EXERCISE AIM:
Copy out the data below as written; omit any images.

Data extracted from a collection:
_ _ _ _ _ _ _

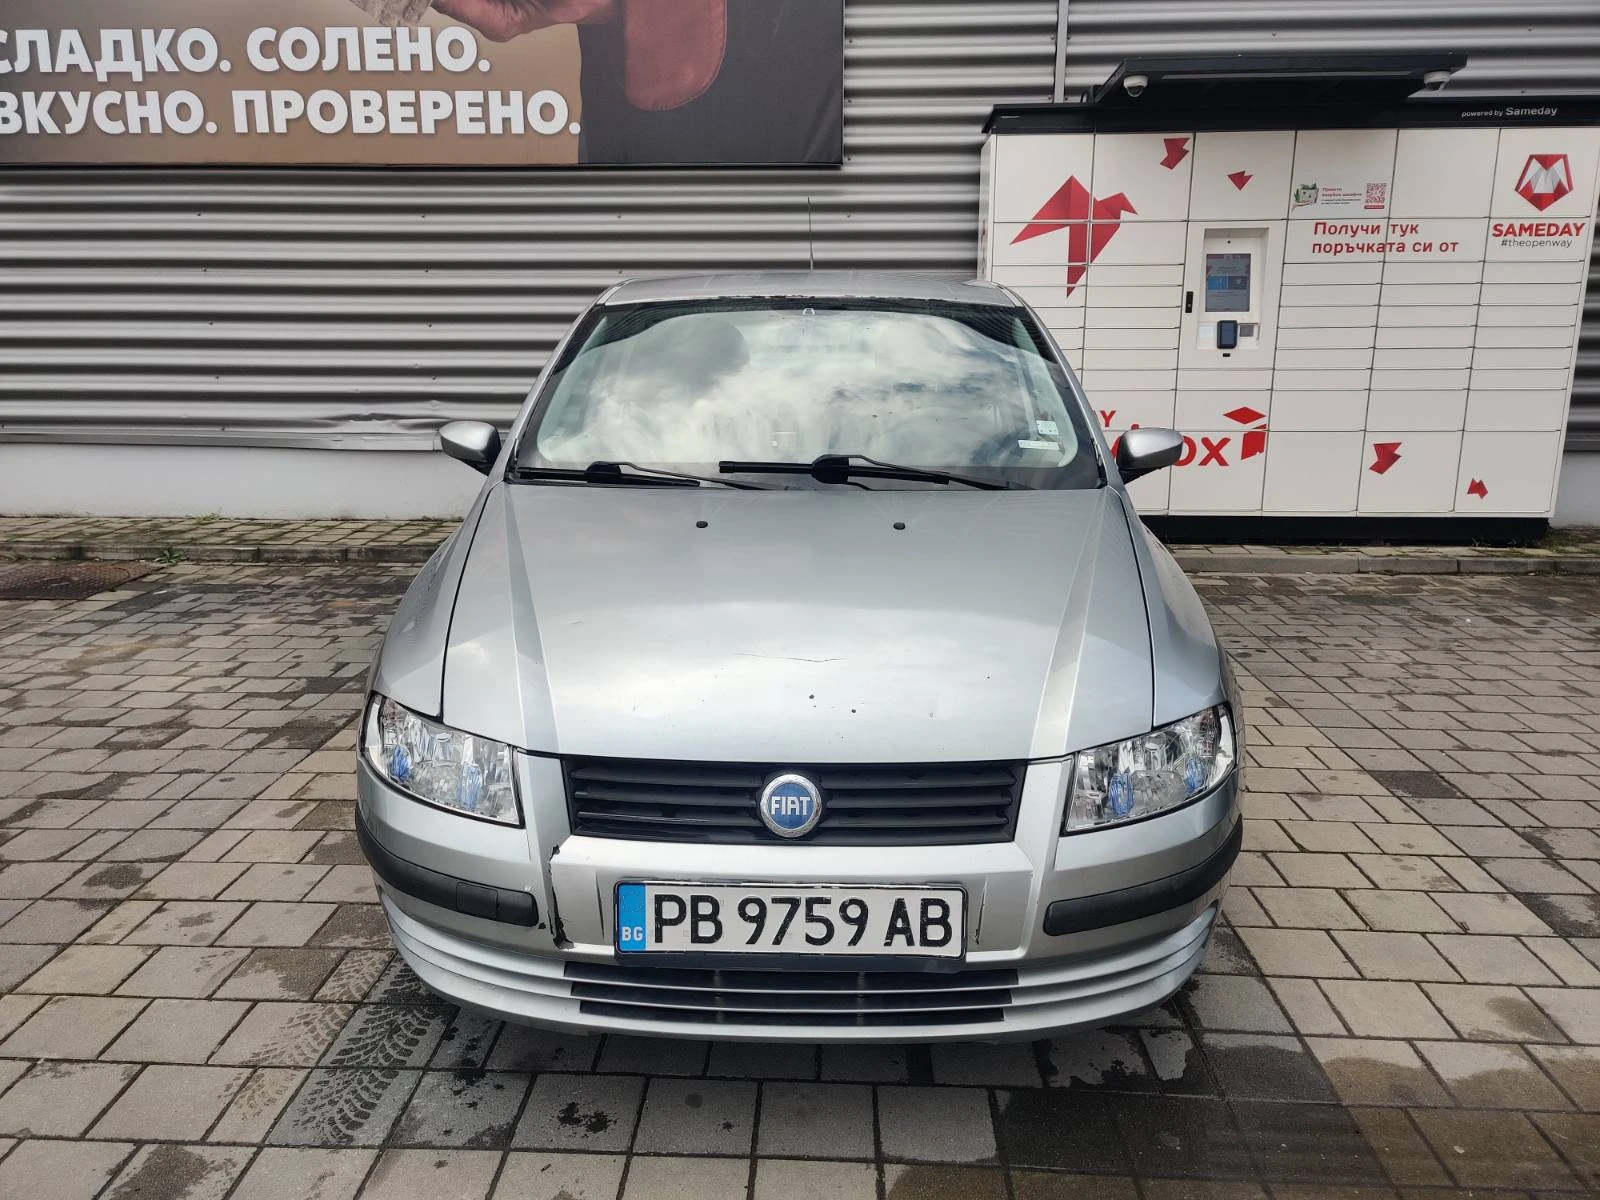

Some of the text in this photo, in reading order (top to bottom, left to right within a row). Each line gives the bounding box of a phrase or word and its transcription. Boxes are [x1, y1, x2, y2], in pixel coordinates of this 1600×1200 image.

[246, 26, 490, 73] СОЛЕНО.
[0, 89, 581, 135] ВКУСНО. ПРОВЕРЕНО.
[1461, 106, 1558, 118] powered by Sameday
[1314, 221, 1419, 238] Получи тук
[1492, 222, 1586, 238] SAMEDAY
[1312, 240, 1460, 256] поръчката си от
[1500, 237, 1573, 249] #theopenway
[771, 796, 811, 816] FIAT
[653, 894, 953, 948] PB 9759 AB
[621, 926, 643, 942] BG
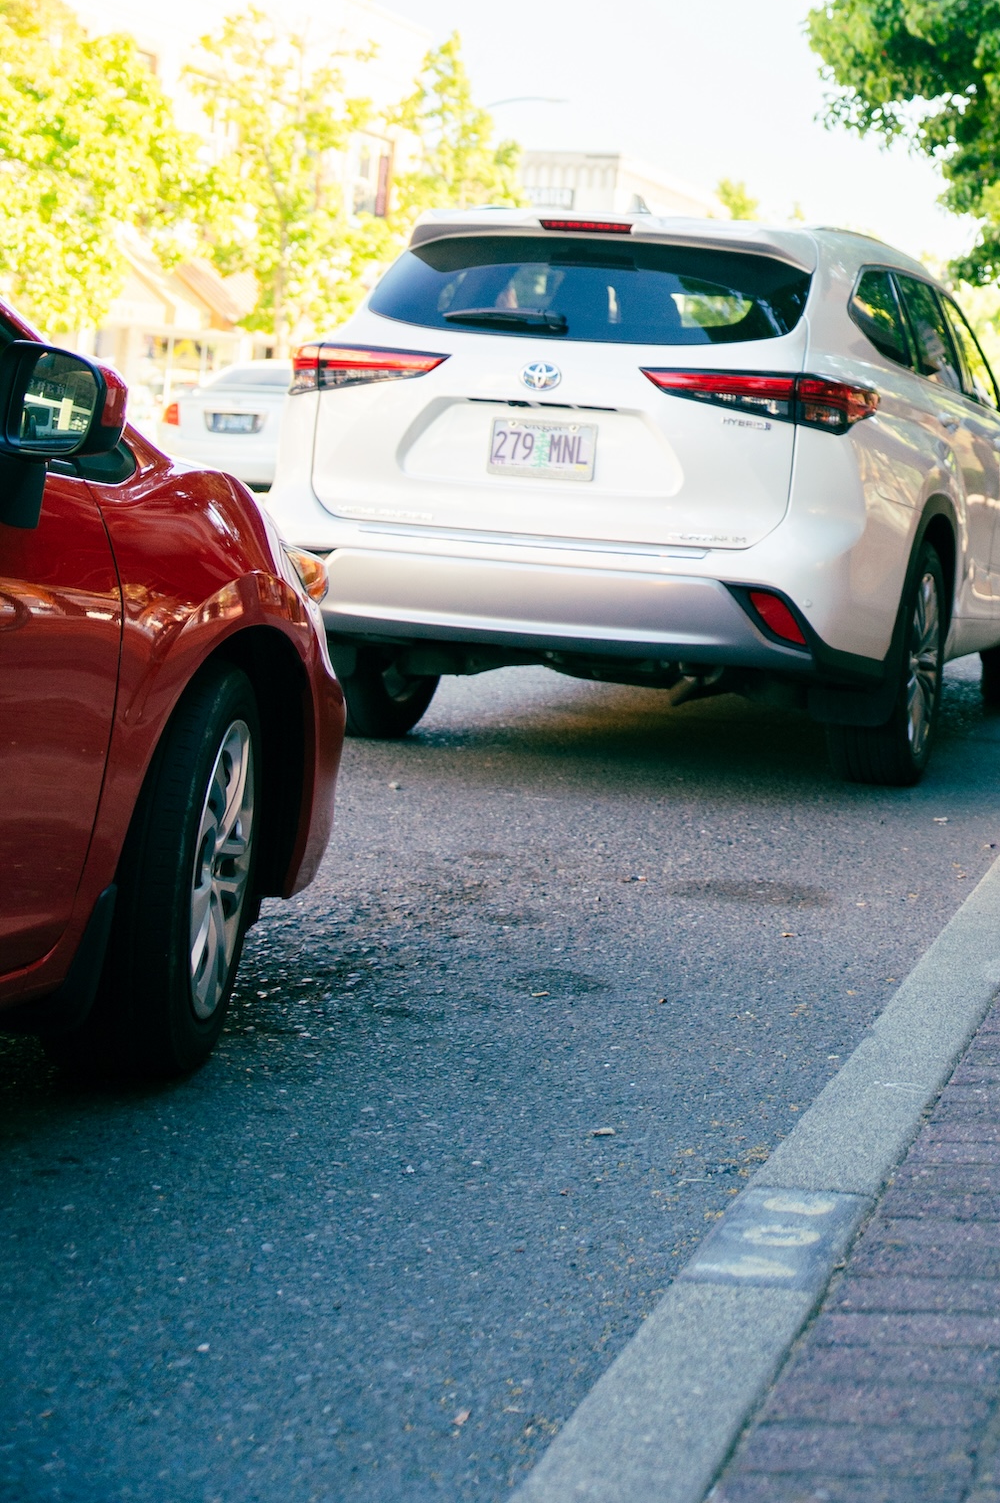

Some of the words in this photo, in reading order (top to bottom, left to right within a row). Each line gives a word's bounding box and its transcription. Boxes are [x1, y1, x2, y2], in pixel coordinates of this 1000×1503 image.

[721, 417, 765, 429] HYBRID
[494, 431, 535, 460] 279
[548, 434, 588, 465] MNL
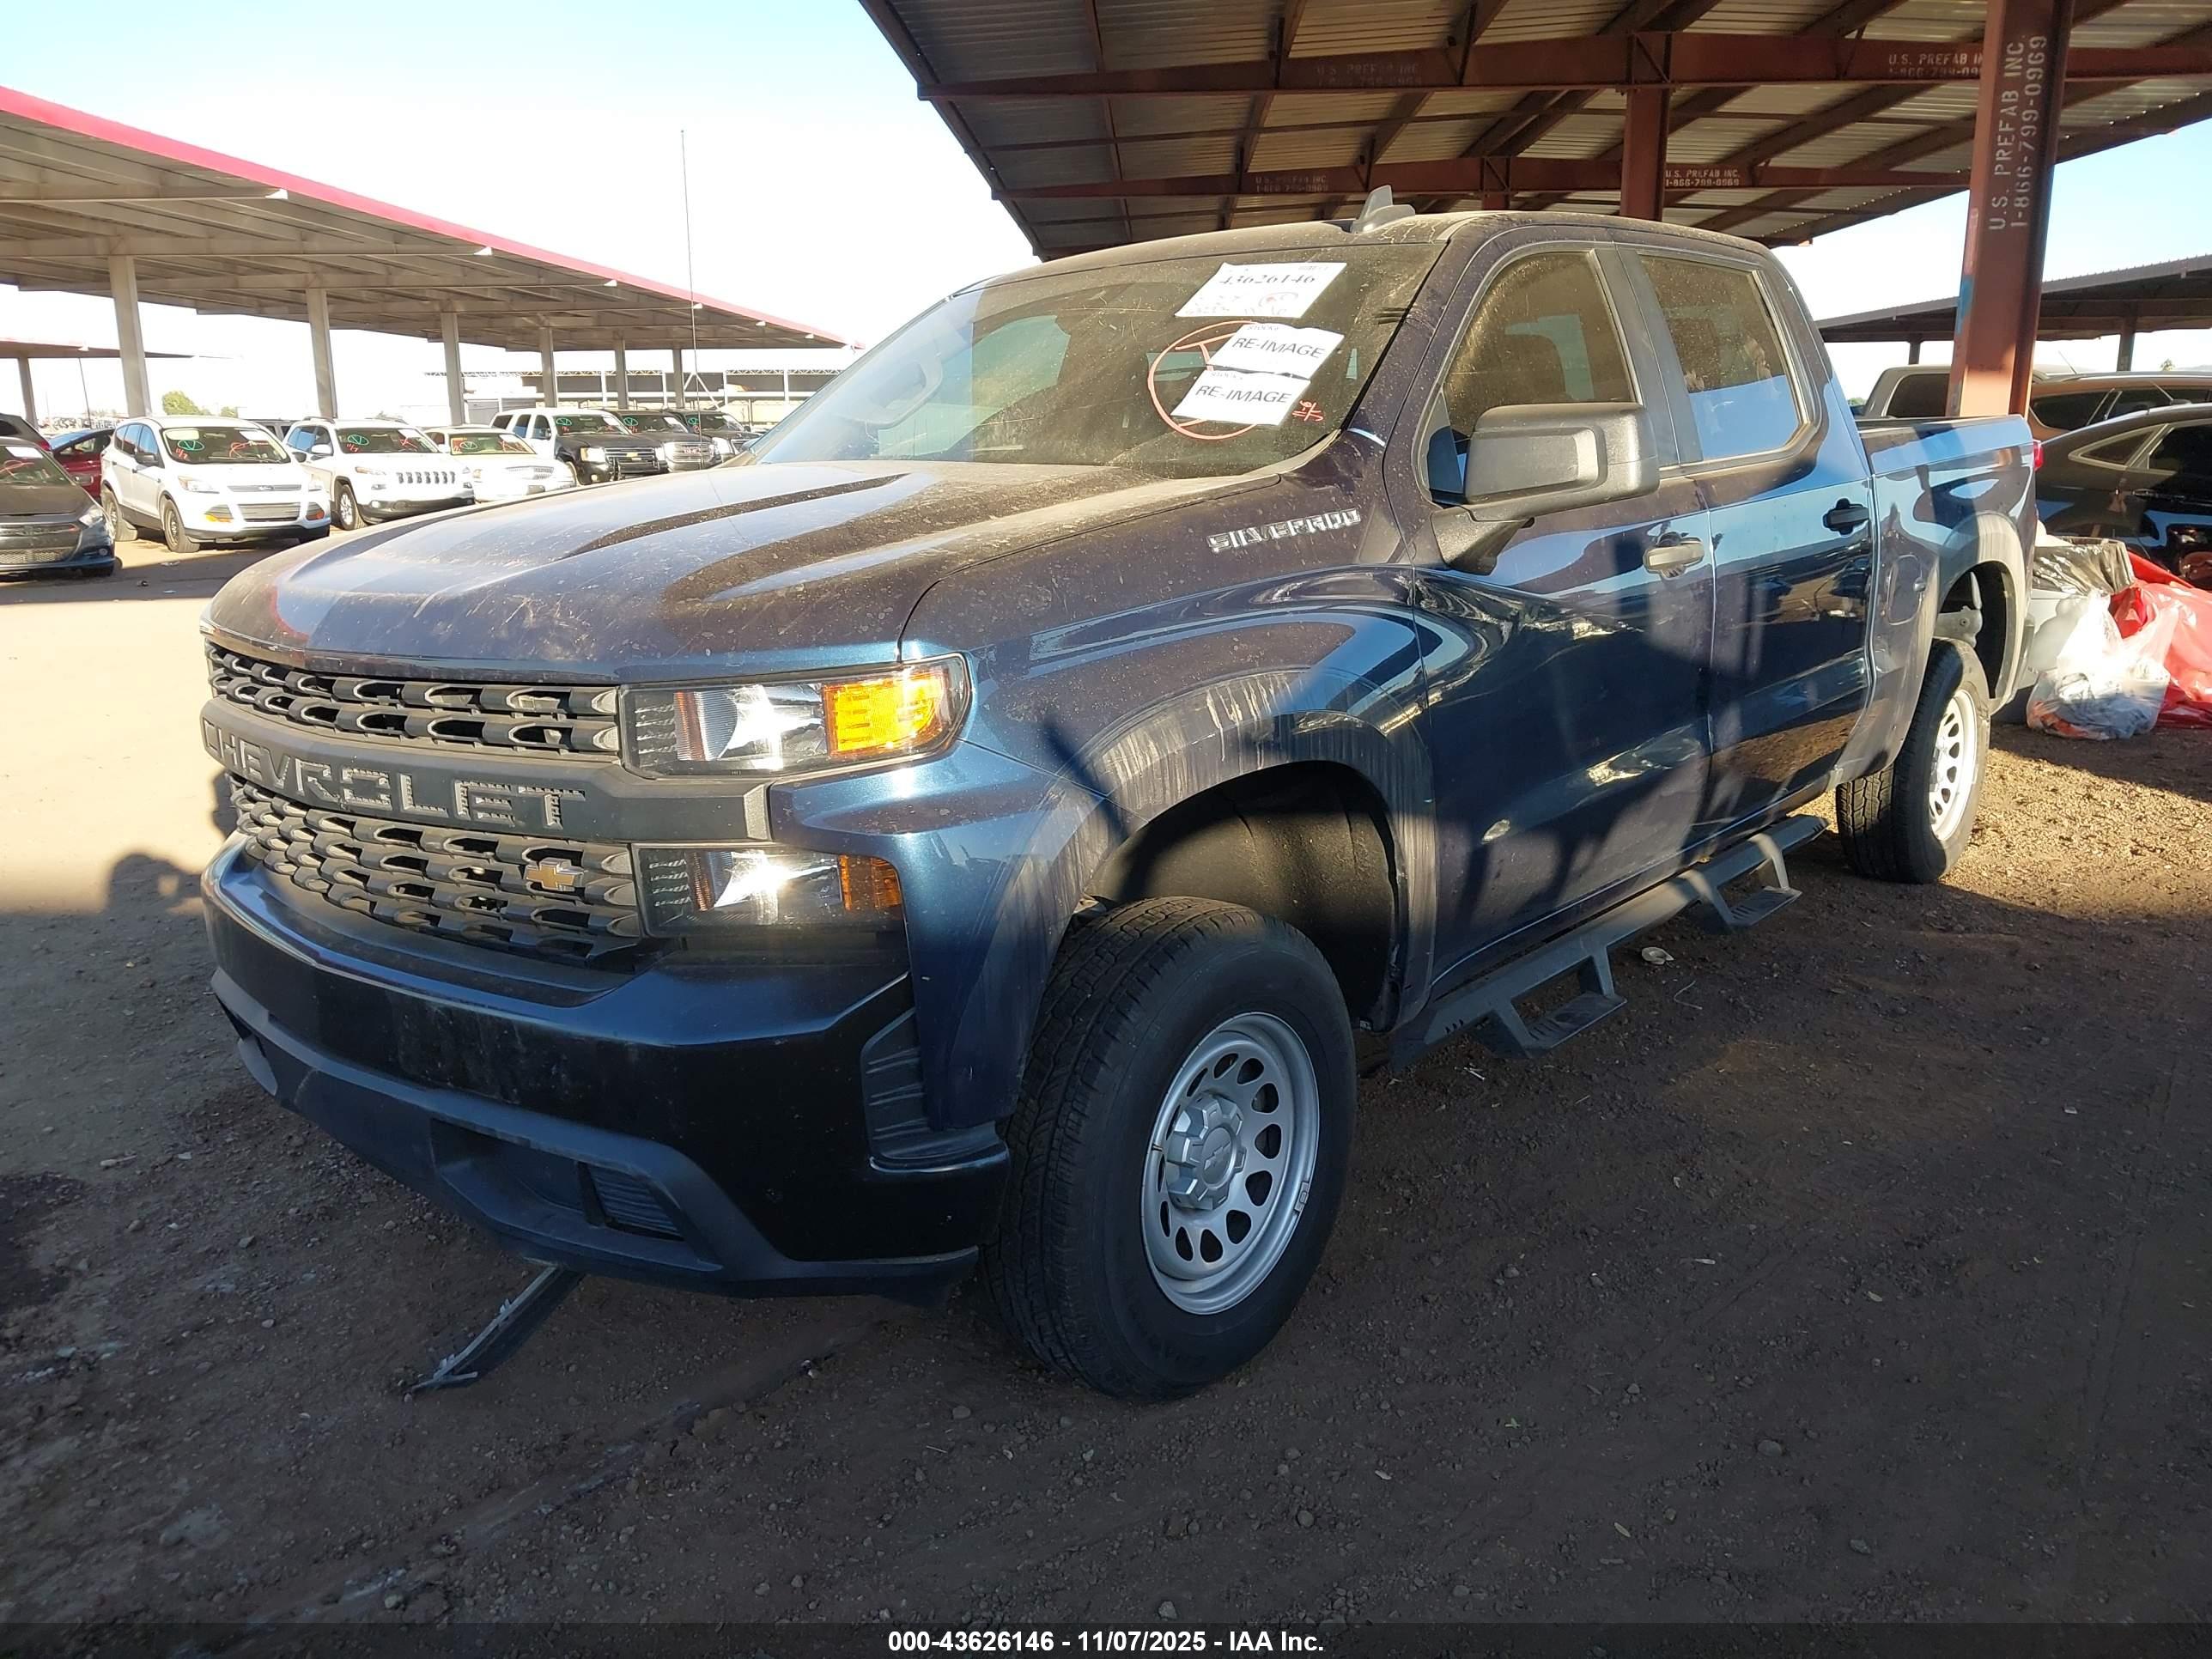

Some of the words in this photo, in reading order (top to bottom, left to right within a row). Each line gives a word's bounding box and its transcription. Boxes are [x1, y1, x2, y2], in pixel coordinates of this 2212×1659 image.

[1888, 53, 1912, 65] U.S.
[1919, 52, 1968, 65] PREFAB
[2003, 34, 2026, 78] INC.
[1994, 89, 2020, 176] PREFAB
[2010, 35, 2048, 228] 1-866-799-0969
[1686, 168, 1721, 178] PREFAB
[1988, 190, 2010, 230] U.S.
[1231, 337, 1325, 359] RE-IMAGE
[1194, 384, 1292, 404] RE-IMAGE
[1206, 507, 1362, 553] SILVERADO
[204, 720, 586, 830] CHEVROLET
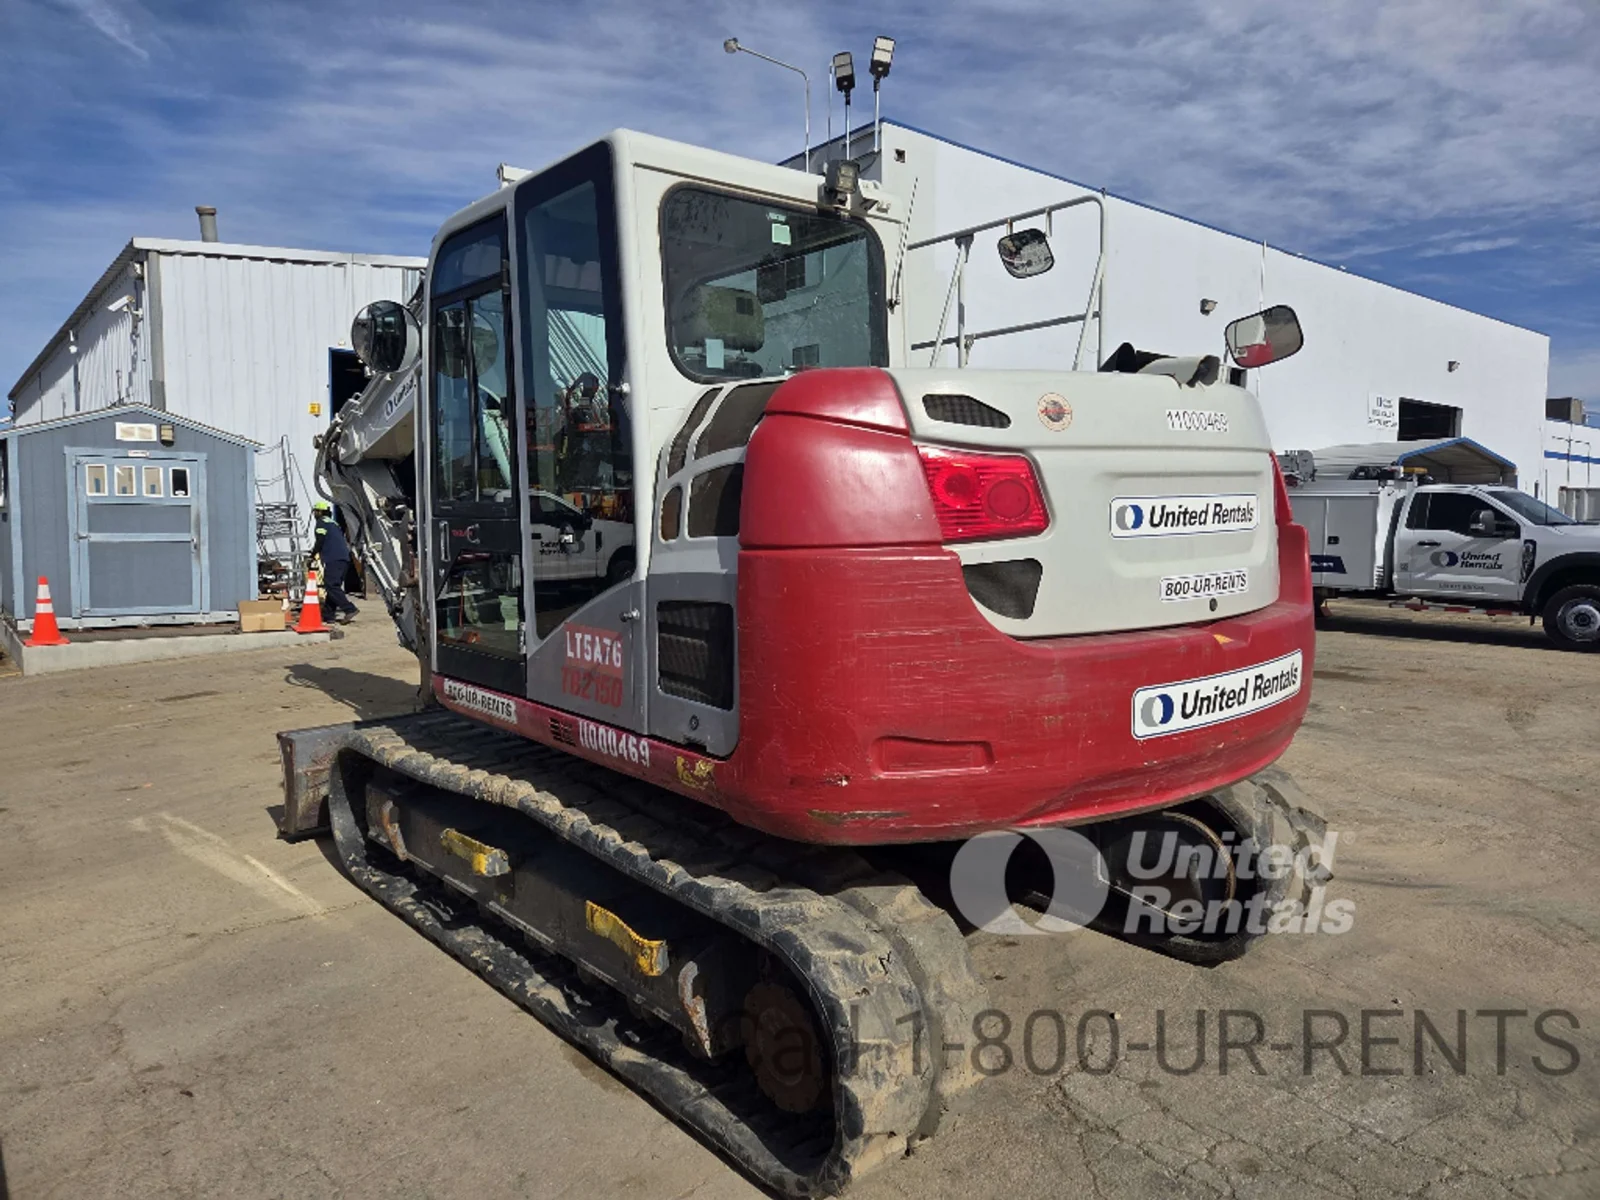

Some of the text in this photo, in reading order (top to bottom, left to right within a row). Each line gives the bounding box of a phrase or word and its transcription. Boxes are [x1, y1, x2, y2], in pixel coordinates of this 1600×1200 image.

_ _ _ _ _ _ _

TASK RESPONSE:
Some of the text in this photo, in reading order (top to bottom, left to right within a row). Each line gives the bounding box of a phrase or word and its transcription. Boxes are [x1, y1, x2, y2], in pixel coordinates of this 1600×1200 image.

[246, 26, 490, 73] СОЛЕНО.
[0, 89, 581, 135] ВКУСНО. ПРОВЕРЕНО.
[1461, 106, 1558, 118] powered by Sameday
[1314, 221, 1419, 238] Получи тук
[1492, 222, 1586, 238] SAMEDAY
[1312, 240, 1460, 256] поръчката си от
[1500, 237, 1573, 249] #theopenway
[771, 796, 811, 816] FIAT
[653, 894, 953, 948] PB 9759 AB
[621, 926, 643, 942] BG

Some of the words in this photo, in reading order (top to bottom, left to right within a row). Each line gives a word's bounding box and its transcription. Boxes are [x1, y1, x2, y2], in pixel coordinates of this 1000×1503 image.

[721, 417, 765, 429] HYBRID
[494, 431, 535, 460] 279
[548, 434, 588, 465] MNL

Some of the words in this photo, in reading order (top to bottom, left to right within a row). Each line gives a word's bounding box and its transcription. Boxes are [x1, y1, x2, y2], in pixel coordinates of this 2212×1659 image.

[1888, 53, 1912, 65] U.S.
[1919, 52, 1968, 65] PREFAB
[2003, 34, 2026, 78] INC.
[1994, 89, 2020, 176] PREFAB
[2010, 35, 2048, 228] 1-866-799-0969
[1686, 168, 1721, 178] PREFAB
[1988, 190, 2010, 230] U.S.
[1231, 337, 1325, 359] RE-IMAGE
[1194, 384, 1292, 404] RE-IMAGE
[1206, 507, 1362, 553] SILVERADO
[204, 720, 586, 830] CHEVROLET

Some of the text in this photo, in reading order (top to bottom, left to right within a row). Each line gives the bounding box of a phrase or word and its transcription. Boxes are [x1, y1, x2, y2], in pixel coordinates of this 1600×1200 image.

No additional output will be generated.